Saved data entries
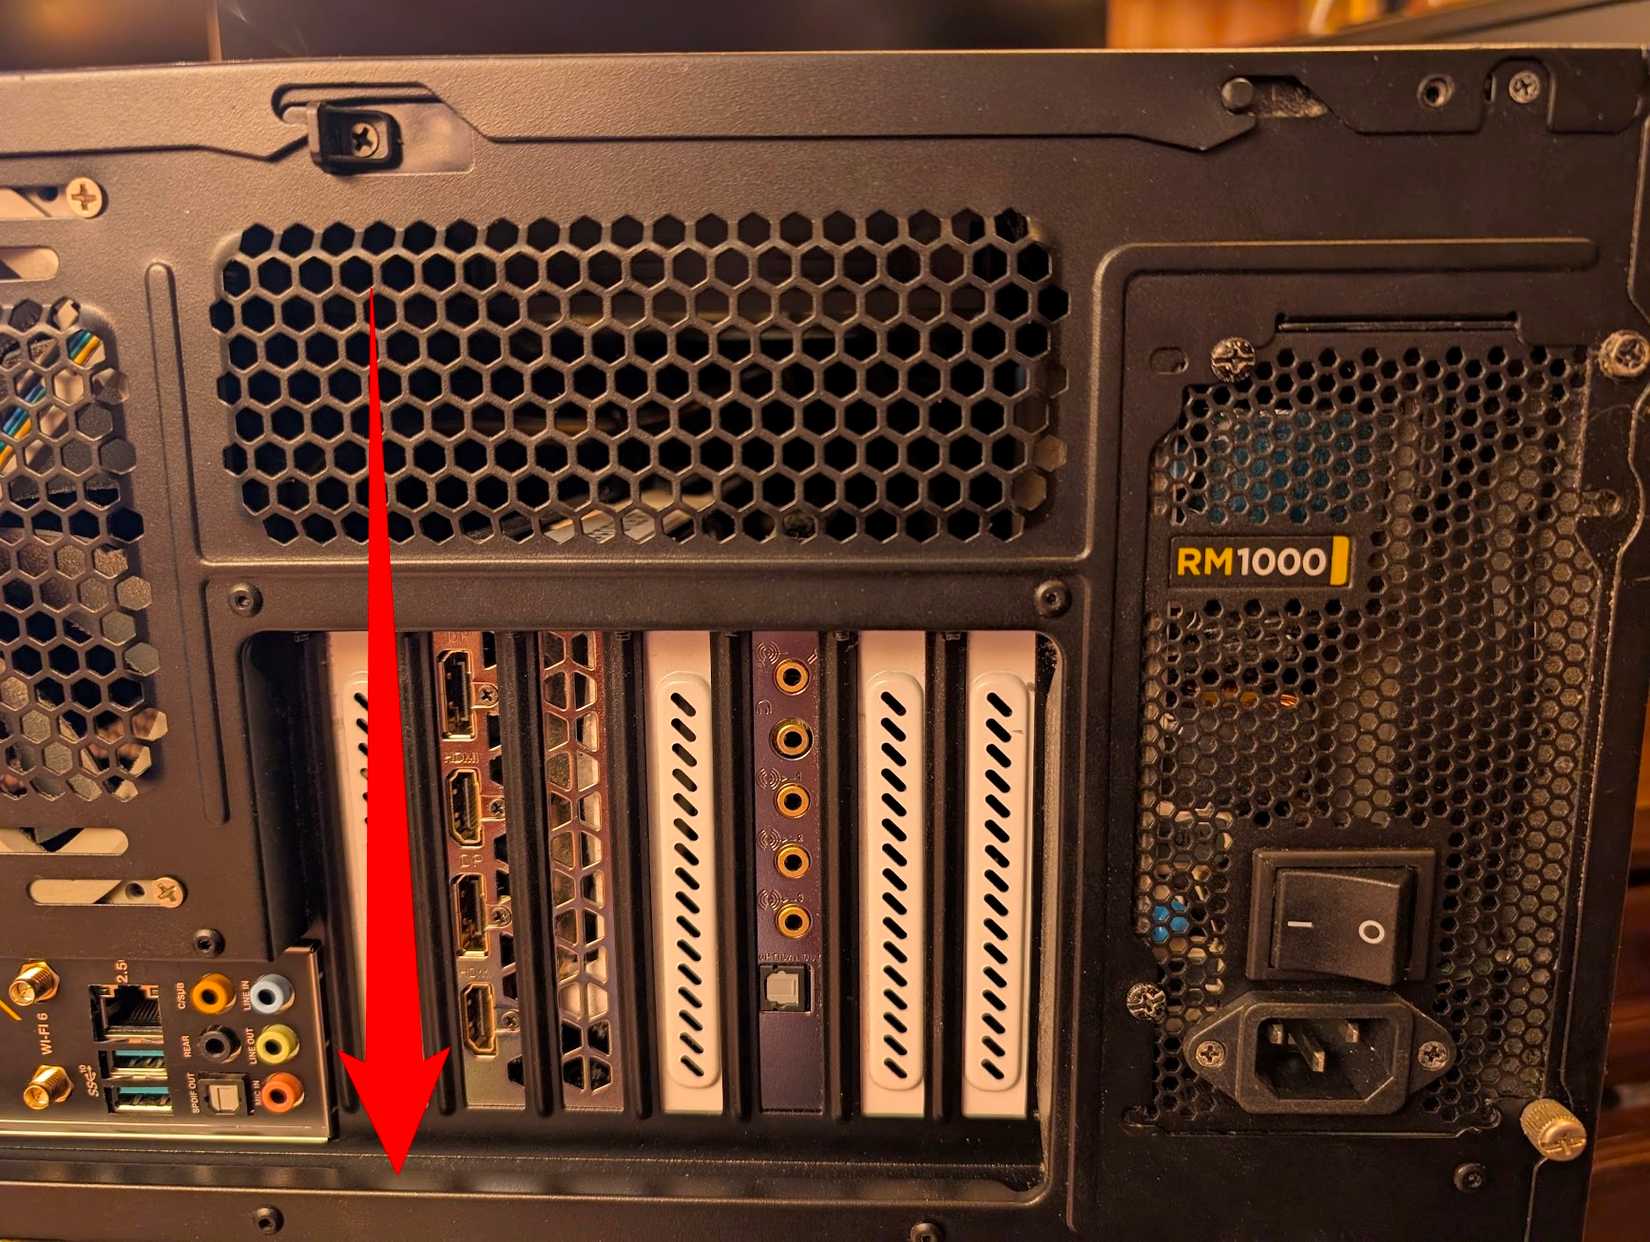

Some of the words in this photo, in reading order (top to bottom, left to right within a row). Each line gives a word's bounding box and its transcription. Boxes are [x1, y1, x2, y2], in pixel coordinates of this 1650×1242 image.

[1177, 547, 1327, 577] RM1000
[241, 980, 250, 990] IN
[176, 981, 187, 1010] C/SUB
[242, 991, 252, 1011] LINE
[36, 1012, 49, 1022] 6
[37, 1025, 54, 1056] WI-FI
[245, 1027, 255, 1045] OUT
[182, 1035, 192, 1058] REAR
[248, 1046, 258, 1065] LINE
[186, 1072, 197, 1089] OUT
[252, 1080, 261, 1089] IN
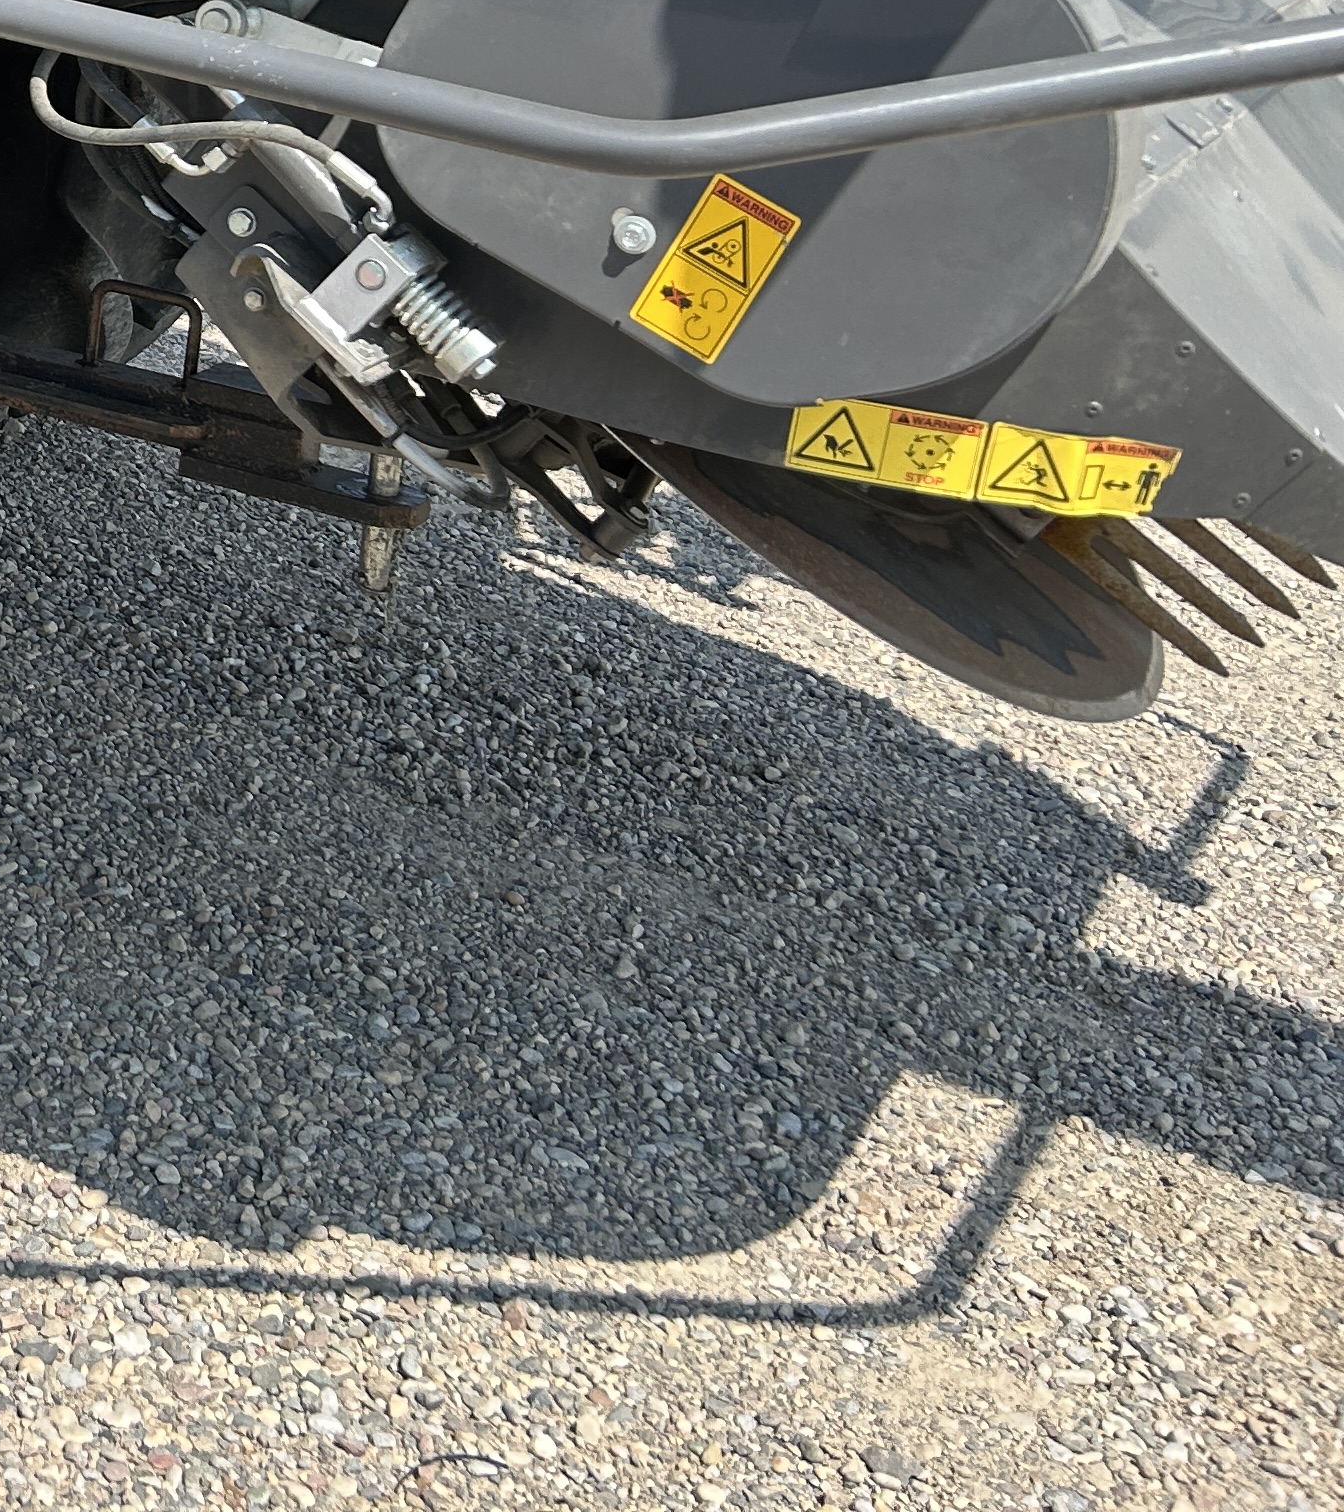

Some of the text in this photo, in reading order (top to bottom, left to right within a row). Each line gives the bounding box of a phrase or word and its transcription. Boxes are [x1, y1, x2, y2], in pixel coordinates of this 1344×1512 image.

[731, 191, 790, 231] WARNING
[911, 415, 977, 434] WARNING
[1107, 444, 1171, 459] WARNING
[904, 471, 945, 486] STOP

* WORK INSTRUCTION: Copy every record character for character. Skip the pictures.

* RESPONSE:
Some of the words in this photo, in reading order (top to bottom, left to right within a row). Each line gives a word's bounding box and its transcription. Boxes are [x1, y1, x2, y2], in pixel coordinates of this 1650×1242 image.

[1177, 547, 1327, 577] RM1000
[241, 980, 250, 990] IN
[176, 981, 187, 1010] C/SUB
[242, 991, 252, 1011] LINE
[36, 1012, 49, 1022] 6
[37, 1025, 54, 1056] WI-FI
[245, 1027, 255, 1045] OUT
[182, 1035, 192, 1058] REAR
[248, 1046, 258, 1065] LINE
[186, 1072, 197, 1089] OUT
[252, 1080, 261, 1089] IN

Some of the text in this photo, in reading order (top to bottom, left to right within a row). Each line gives the bounding box of a phrase or word and its transcription. Boxes are [x1, y1, x2, y2], in pixel coordinates of this 1344×1512 image.

[731, 191, 790, 231] WARNING
[911, 415, 977, 434] WARNING
[1107, 444, 1171, 459] WARNING
[904, 471, 945, 486] STOP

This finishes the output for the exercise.